DIRECTIONS>
Please restate the lines shown below exactly, every one of them.
• • • •
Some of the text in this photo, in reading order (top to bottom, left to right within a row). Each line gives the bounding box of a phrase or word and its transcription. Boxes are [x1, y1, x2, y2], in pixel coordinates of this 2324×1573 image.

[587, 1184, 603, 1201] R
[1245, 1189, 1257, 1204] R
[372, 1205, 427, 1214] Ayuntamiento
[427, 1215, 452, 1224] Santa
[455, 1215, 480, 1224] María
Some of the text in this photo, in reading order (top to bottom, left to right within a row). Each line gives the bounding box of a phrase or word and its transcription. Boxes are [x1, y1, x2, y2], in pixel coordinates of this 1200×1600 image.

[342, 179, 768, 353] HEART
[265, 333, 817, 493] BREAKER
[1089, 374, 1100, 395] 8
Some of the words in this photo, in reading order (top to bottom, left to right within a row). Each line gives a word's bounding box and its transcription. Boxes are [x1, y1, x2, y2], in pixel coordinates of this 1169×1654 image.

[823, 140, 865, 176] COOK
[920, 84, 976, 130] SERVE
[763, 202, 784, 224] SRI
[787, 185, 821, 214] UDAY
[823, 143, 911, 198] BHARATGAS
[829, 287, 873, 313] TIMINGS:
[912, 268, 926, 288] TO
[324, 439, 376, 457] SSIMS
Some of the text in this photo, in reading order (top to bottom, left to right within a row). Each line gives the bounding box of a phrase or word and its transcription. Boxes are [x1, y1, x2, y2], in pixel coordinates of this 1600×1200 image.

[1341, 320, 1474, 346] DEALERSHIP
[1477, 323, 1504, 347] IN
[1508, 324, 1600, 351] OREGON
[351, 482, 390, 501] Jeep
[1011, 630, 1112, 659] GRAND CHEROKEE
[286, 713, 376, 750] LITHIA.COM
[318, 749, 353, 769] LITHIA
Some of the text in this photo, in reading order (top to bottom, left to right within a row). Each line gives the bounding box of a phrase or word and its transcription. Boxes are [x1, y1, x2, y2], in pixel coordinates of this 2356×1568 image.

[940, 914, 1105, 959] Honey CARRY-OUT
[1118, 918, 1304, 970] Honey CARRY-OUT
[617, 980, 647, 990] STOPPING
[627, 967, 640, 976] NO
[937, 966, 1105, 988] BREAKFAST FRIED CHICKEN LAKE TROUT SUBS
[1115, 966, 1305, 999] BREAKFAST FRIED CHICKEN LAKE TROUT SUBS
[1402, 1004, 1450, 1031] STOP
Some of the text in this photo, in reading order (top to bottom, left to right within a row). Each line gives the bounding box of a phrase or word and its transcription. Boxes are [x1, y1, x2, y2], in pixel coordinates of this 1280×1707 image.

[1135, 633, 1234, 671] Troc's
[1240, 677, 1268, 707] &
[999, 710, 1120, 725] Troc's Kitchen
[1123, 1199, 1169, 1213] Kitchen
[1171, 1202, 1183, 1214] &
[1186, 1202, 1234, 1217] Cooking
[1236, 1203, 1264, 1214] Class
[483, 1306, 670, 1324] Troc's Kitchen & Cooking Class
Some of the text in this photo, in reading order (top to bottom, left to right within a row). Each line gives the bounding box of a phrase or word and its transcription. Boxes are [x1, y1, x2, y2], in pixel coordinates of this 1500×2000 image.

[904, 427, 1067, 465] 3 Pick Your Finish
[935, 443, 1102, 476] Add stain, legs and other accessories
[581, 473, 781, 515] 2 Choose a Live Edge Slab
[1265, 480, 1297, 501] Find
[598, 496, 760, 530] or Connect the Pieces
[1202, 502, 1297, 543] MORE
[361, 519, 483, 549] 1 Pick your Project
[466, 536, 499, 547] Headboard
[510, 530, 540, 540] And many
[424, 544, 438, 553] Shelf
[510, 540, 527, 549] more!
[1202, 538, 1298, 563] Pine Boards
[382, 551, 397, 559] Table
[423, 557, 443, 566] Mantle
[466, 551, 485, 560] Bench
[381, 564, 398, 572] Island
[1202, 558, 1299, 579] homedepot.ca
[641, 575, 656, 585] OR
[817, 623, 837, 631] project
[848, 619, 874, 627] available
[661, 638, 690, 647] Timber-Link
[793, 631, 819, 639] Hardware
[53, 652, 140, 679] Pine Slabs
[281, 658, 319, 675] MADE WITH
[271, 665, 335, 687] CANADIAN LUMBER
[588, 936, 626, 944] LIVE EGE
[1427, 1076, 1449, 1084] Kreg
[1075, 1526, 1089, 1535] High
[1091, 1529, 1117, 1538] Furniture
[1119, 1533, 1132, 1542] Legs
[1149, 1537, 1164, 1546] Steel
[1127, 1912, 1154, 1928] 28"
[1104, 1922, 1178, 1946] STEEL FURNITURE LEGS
• • • •
EXPECTED ANSWER>
Some of the text in this photo, in reading order (top to bottom, left to right within a row). Each line gives the bounding box of a phrase or word and its transcription. Boxes are [x1, y1, x2, y2], in pixel coordinates of this 2324×1573 image.

[587, 1184, 603, 1201] R
[1245, 1189, 1257, 1204] R
[372, 1205, 427, 1214] Ayuntamiento
[427, 1215, 452, 1224] Santa
[455, 1215, 480, 1224] María
Some of the text in this photo, in reading order (top to bottom, left to right within a row). Each line gives the bounding box of a phrase or word and its transcription. Boxes are [x1, y1, x2, y2], in pixel coordinates of this 1200×1600 image.

[342, 179, 768, 353] HEART
[265, 333, 817, 493] BREAKER
[1089, 374, 1100, 395] 8
Some of the words in this photo, in reading order (top to bottom, left to right within a row). Each line gives a word's bounding box and its transcription. Boxes are [x1, y1, x2, y2], in pixel coordinates of this 1169×1654 image.

[823, 140, 865, 176] COOK
[920, 84, 976, 130] SERVE
[763, 202, 784, 224] SRI
[787, 185, 821, 214] UDAY
[823, 143, 911, 198] BHARATGAS
[829, 287, 873, 313] TIMINGS:
[912, 268, 926, 288] TO
[324, 439, 376, 457] SSIMS
Some of the text in this photo, in reading order (top to bottom, left to right within a row). Each line gives the bounding box of a phrase or word and its transcription. Boxes are [x1, y1, x2, y2], in pixel coordinates of this 1600×1200 image.

[1341, 320, 1474, 346] DEALERSHIP
[1477, 323, 1504, 347] IN
[1508, 324, 1600, 351] OREGON
[351, 482, 390, 501] Jeep
[1011, 630, 1112, 659] GRAND CHEROKEE
[286, 713, 376, 750] LITHIA.COM
[318, 749, 353, 769] LITHIA
Some of the text in this photo, in reading order (top to bottom, left to right within a row). Each line gives the bounding box of a phrase or word and its transcription. Boxes are [x1, y1, x2, y2], in pixel coordinates of this 2356×1568 image.

[940, 914, 1105, 959] Honey CARRY-OUT
[1118, 918, 1304, 970] Honey CARRY-OUT
[617, 980, 647, 990] STOPPING
[627, 967, 640, 976] NO
[937, 966, 1105, 988] BREAKFAST FRIED CHICKEN LAKE TROUT SUBS
[1115, 966, 1305, 999] BREAKFAST FRIED CHICKEN LAKE TROUT SUBS
[1402, 1004, 1450, 1031] STOP
Some of the text in this photo, in reading order (top to bottom, left to right within a row). Each line gives the bounding box of a phrase or word and its transcription. Boxes are [x1, y1, x2, y2], in pixel coordinates of this 1280×1707 image.

[1135, 633, 1234, 671] Troc's
[1240, 677, 1268, 707] &
[999, 710, 1120, 725] Troc's Kitchen
[1123, 1199, 1169, 1213] Kitchen
[1171, 1202, 1183, 1214] &
[1186, 1202, 1234, 1217] Cooking
[1236, 1203, 1264, 1214] Class
[483, 1306, 670, 1324] Troc's Kitchen & Cooking Class
Some of the text in this photo, in reading order (top to bottom, left to right within a row). Each line gives the bounding box of a phrase or word and its transcription. Boxes are [x1, y1, x2, y2], in pixel coordinates of this 1500×2000 image.

[904, 427, 1067, 465] 3 Pick Your Finish
[935, 443, 1102, 476] Add stain, legs and other accessories
[581, 473, 781, 515] 2 Choose a Live Edge Slab
[1265, 480, 1297, 501] Find
[598, 496, 760, 530] or Connect the Pieces
[1202, 502, 1297, 543] MORE
[361, 519, 483, 549] 1 Pick your Project
[466, 536, 499, 547] Headboard
[510, 530, 540, 540] And many
[424, 544, 438, 553] Shelf
[510, 540, 527, 549] more!
[1202, 538, 1298, 563] Pine Boards
[382, 551, 397, 559] Table
[423, 557, 443, 566] Mantle
[466, 551, 485, 560] Bench
[381, 564, 398, 572] Island
[1202, 558, 1299, 579] homedepot.ca
[641, 575, 656, 585] OR
[817, 623, 837, 631] project
[848, 619, 874, 627] available
[661, 638, 690, 647] Timber-Link
[793, 631, 819, 639] Hardware
[53, 652, 140, 679] Pine Slabs
[281, 658, 319, 675] MADE WITH
[271, 665, 335, 687] CANADIAN LUMBER
[588, 936, 626, 944] LIVE EGE
[1427, 1076, 1449, 1084] Kreg
[1075, 1526, 1089, 1535] High
[1091, 1529, 1117, 1538] Furniture
[1119, 1533, 1132, 1542] Legs
[1149, 1537, 1164, 1546] Steel
[1127, 1912, 1154, 1928] 28"
[1104, 1922, 1178, 1946] STEEL FURNITURE LEGS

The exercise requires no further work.